*Assigned task:*
Reproduce exactly the line that includes "this 2212×1659 image." and all lines after it, ending with the last line of the data.

Stored data entries
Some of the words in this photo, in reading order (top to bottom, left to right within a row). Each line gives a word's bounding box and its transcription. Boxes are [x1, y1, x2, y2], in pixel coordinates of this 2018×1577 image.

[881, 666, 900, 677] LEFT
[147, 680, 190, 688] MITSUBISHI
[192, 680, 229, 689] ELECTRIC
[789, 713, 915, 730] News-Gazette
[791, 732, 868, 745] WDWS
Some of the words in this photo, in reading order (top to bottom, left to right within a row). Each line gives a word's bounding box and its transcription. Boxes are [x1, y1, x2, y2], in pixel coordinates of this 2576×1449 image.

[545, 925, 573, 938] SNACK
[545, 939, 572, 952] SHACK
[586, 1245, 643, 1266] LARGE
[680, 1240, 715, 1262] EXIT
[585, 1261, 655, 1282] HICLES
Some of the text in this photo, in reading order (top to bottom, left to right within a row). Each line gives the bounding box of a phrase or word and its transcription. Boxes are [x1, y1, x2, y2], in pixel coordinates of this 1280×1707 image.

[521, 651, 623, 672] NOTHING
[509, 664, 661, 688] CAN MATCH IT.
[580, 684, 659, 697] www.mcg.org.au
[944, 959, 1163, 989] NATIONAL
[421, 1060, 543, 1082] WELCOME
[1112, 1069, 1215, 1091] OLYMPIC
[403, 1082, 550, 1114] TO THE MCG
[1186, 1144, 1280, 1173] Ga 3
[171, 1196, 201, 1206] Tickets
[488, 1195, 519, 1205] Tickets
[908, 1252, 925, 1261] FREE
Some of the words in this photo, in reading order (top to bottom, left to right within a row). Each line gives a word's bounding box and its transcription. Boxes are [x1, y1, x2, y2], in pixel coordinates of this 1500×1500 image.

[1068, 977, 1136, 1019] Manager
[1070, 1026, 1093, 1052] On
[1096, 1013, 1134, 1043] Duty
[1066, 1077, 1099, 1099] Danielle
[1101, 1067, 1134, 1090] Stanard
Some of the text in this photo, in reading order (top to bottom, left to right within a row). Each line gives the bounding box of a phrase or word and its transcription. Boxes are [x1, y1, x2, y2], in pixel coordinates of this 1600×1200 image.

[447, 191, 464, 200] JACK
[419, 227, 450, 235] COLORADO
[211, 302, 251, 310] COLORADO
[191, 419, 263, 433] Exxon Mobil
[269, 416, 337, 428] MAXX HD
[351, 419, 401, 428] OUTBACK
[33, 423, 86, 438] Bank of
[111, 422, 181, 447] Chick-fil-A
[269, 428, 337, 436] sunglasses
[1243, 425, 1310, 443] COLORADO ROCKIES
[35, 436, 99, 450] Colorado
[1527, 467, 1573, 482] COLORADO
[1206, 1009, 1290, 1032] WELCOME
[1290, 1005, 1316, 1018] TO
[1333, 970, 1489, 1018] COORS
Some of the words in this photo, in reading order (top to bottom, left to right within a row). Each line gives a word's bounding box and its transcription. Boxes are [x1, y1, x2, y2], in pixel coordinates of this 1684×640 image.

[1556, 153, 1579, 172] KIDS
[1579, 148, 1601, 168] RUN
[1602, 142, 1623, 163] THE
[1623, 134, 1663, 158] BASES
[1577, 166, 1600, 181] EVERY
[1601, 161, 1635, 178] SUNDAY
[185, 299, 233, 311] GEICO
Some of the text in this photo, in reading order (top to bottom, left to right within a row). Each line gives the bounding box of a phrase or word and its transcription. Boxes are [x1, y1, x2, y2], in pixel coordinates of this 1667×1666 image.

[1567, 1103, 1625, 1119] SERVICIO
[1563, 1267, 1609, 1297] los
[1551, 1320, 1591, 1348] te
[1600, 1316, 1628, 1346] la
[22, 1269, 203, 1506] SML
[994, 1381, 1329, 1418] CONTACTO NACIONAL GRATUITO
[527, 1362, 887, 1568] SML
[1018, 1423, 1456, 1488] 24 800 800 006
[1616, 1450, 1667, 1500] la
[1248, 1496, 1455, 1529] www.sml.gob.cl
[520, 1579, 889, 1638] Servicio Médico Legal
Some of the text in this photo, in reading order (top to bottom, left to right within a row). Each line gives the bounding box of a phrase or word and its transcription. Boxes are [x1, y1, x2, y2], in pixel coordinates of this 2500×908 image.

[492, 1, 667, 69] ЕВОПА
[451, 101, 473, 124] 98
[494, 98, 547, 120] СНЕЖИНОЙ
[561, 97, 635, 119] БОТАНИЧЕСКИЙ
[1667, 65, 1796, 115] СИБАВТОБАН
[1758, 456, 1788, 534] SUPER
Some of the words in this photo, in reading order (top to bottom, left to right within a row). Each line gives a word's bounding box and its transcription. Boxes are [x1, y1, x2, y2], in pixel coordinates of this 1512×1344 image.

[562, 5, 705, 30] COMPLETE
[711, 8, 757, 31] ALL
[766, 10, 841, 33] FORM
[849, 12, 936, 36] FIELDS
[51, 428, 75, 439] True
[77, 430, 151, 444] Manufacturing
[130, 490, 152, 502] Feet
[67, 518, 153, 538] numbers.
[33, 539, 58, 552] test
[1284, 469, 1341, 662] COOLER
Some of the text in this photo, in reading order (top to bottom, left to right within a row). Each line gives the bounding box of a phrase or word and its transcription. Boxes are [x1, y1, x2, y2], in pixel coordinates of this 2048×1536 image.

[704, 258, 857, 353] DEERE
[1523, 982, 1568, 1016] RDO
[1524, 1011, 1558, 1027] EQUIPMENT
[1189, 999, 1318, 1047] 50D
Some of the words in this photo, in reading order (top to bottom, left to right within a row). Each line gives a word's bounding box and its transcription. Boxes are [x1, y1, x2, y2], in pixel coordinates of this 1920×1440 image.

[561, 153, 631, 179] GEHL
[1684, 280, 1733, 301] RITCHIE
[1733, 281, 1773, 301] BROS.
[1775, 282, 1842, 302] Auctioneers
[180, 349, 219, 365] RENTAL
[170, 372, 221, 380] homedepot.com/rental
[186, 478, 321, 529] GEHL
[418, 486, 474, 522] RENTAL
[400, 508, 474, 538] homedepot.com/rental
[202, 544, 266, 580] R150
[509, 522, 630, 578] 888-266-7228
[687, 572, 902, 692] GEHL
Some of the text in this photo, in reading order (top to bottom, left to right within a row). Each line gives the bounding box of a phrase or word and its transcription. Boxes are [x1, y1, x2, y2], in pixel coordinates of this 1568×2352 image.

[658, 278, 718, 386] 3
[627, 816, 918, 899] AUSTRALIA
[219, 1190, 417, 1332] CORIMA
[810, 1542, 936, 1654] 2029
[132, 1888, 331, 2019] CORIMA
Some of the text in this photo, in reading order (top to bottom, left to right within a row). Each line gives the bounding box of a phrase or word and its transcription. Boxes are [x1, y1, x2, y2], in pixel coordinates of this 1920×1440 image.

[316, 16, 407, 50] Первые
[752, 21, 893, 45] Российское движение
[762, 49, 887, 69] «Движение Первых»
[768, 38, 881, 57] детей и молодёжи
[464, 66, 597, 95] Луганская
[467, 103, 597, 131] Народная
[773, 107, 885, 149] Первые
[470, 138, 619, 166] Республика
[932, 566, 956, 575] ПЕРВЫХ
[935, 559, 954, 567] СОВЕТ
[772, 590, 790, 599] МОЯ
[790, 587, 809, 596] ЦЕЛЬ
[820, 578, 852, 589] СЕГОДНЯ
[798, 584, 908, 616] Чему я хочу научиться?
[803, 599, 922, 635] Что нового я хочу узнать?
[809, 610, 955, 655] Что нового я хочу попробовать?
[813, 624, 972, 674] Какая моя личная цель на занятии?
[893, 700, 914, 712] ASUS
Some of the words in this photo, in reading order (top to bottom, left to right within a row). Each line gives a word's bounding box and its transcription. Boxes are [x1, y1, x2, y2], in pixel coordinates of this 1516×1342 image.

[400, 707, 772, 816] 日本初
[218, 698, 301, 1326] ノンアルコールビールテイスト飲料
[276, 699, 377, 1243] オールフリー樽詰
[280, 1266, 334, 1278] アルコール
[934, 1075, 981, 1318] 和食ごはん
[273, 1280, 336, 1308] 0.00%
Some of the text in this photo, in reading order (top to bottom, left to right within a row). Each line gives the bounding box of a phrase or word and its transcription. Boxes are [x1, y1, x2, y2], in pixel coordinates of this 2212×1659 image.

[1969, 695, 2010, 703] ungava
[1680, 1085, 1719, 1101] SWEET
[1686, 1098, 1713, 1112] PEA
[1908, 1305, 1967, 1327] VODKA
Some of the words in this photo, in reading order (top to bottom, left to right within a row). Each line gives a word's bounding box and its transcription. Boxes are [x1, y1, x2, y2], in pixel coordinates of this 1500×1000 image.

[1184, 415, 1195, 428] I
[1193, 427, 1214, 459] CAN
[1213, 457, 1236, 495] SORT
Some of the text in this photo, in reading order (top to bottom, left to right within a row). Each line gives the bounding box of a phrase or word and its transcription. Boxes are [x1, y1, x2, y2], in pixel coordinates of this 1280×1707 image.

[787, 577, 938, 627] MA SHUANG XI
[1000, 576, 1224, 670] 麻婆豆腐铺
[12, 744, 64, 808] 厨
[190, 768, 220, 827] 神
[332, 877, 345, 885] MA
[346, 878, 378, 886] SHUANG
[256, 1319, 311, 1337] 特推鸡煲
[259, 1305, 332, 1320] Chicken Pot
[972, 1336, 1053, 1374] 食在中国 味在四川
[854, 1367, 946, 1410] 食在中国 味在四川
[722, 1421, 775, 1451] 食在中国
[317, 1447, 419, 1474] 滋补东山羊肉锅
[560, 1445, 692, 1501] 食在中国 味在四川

*Exercise answer:*
Some of the text in this photo, in reading order (top to bottom, left to right within a row). Each line gives the bounding box of a phrase or word and its transcription. Boxes are [x1, y1, x2, y2], in pixel coordinates of this 2212×1659 image.

[1969, 695, 2010, 703] ungava
[1680, 1085, 1719, 1101] SWEET
[1686, 1098, 1713, 1112] PEA
[1908, 1305, 1967, 1327] VODKA
Some of the words in this photo, in reading order (top to bottom, left to right within a row). Each line gives a word's bounding box and its transcription. Boxes are [x1, y1, x2, y2], in pixel coordinates of this 1500×1000 image.

[1184, 415, 1195, 428] I
[1193, 427, 1214, 459] CAN
[1213, 457, 1236, 495] SORT
Some of the text in this photo, in reading order (top to bottom, left to right within a row). Each line gives the bounding box of a phrase or word and its transcription. Boxes are [x1, y1, x2, y2], in pixel coordinates of this 1280×1707 image.

[787, 577, 938, 627] MA SHUANG XI
[1000, 576, 1224, 670] 麻婆豆腐铺
[12, 744, 64, 808] 厨
[190, 768, 220, 827] 神
[332, 877, 345, 885] MA
[346, 878, 378, 886] SHUANG
[256, 1319, 311, 1337] 特推鸡煲
[259, 1305, 332, 1320] Chicken Pot
[972, 1336, 1053, 1374] 食在中国 味在四川
[854, 1367, 946, 1410] 食在中国 味在四川
[722, 1421, 775, 1451] 食在中国
[317, 1447, 419, 1474] 滋补东山羊肉锅
[560, 1445, 692, 1501] 食在中国 味在四川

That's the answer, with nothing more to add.